Segment Start: DATA TO USE

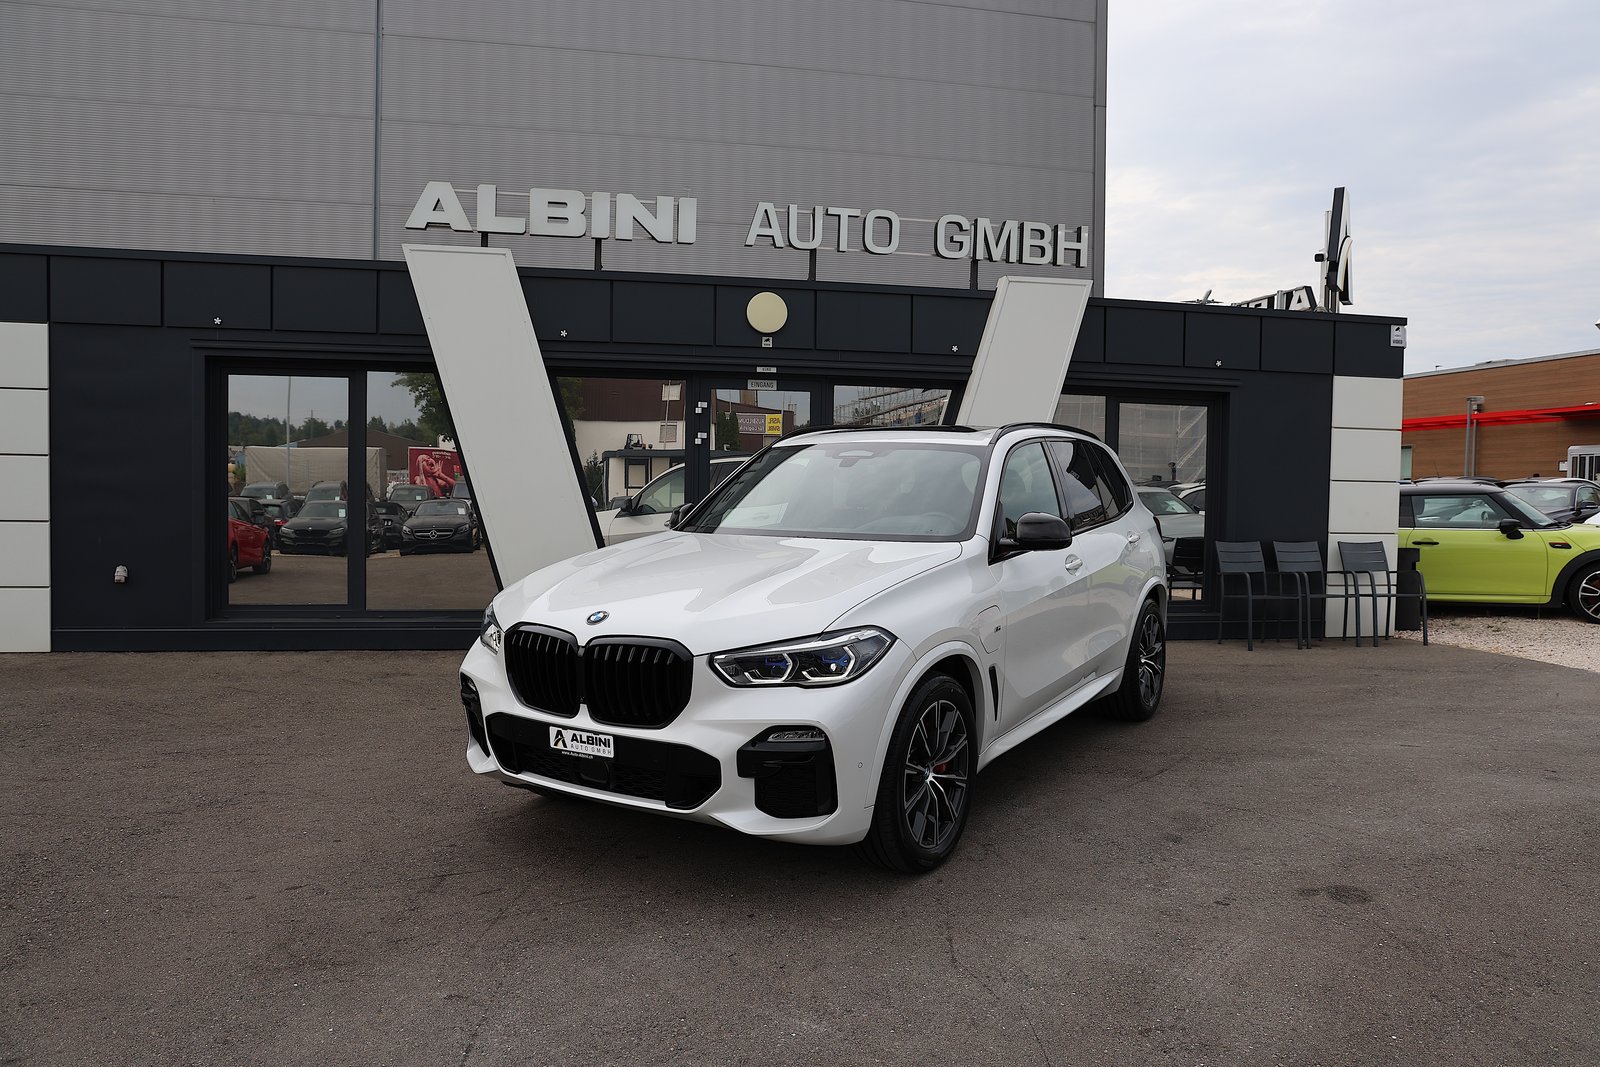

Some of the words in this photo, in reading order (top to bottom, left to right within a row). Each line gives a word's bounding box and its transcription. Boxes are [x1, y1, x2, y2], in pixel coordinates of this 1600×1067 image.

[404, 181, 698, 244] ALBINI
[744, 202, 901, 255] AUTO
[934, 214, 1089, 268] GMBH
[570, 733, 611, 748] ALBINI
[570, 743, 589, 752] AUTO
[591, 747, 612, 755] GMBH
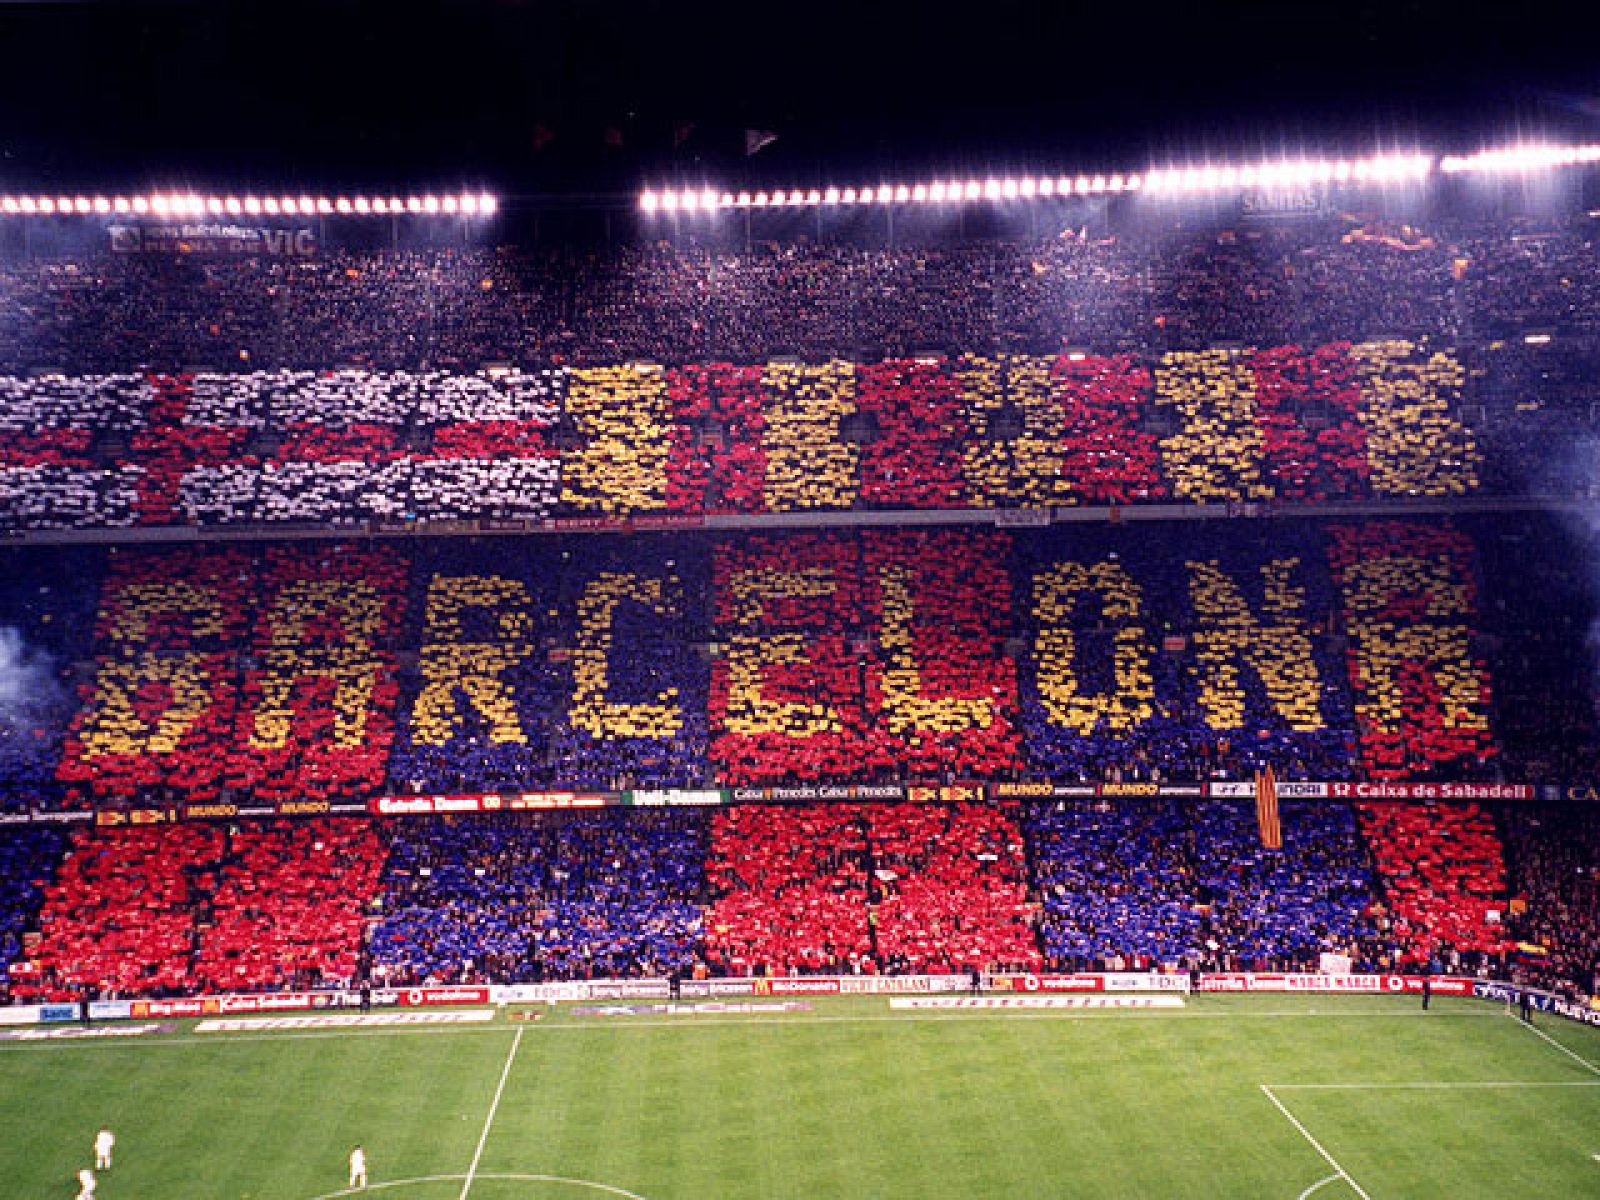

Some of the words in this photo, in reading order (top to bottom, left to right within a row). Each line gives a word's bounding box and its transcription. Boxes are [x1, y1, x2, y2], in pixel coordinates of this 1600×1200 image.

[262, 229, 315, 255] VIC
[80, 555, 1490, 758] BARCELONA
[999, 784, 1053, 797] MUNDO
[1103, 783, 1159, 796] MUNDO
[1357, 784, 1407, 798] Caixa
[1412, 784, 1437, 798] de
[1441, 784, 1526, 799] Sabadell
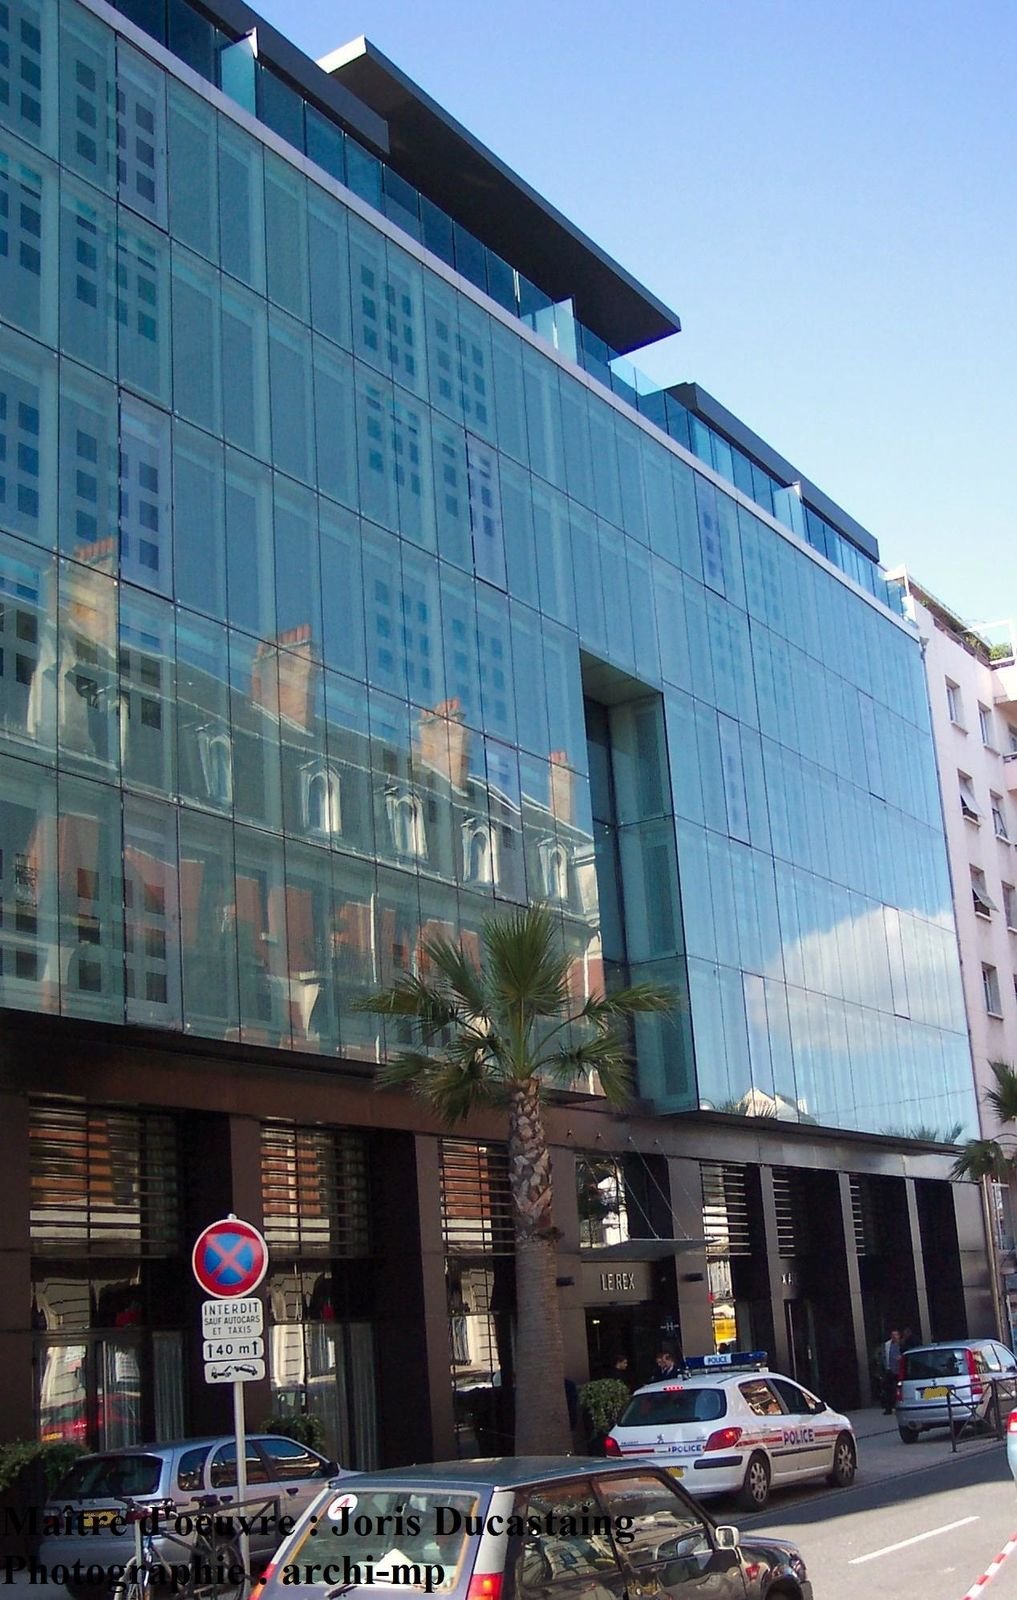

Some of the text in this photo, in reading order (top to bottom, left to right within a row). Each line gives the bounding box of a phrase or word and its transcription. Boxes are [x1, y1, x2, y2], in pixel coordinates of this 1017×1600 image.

Segment End: DATA TO USE

> [TASK OBJECTIVE] Output every record verbatim, skipping images.

> [ANSWER SECTION]
Some of the words in this photo, in reading order (top to bottom, left to right within a row). Each line gives a word's bounding box and its transcription. Boxes are [x1, y1, x2, y2], in pixel coordinates of this 1600×1067 image.

[404, 181, 698, 244] ALBINI
[744, 202, 901, 255] AUTO
[934, 214, 1089, 268] GMBH
[570, 733, 611, 748] ALBINI
[570, 743, 589, 752] AUTO
[591, 747, 612, 755] GMBH

Some of the words in this photo, in reading order (top to bottom, left to right within a row). Each line gives a word's bounding box and its transcription. Boxes are [x1, y1, x2, y2], in pixel coordinates of this 1600×1200 image.

[262, 229, 315, 255] VIC
[80, 555, 1490, 758] BARCELONA
[999, 784, 1053, 797] MUNDO
[1103, 783, 1159, 796] MUNDO
[1357, 784, 1407, 798] Caixa
[1412, 784, 1437, 798] de
[1441, 784, 1526, 799] Sabadell

Some of the text in this photo, in reading order (top to bottom, left to right within a row). Each line gives the bounding box of a phrase or word and its transcription. Boxes are [x1, y1, x2, y2], in pixel coordinates of this 1017×1600 image.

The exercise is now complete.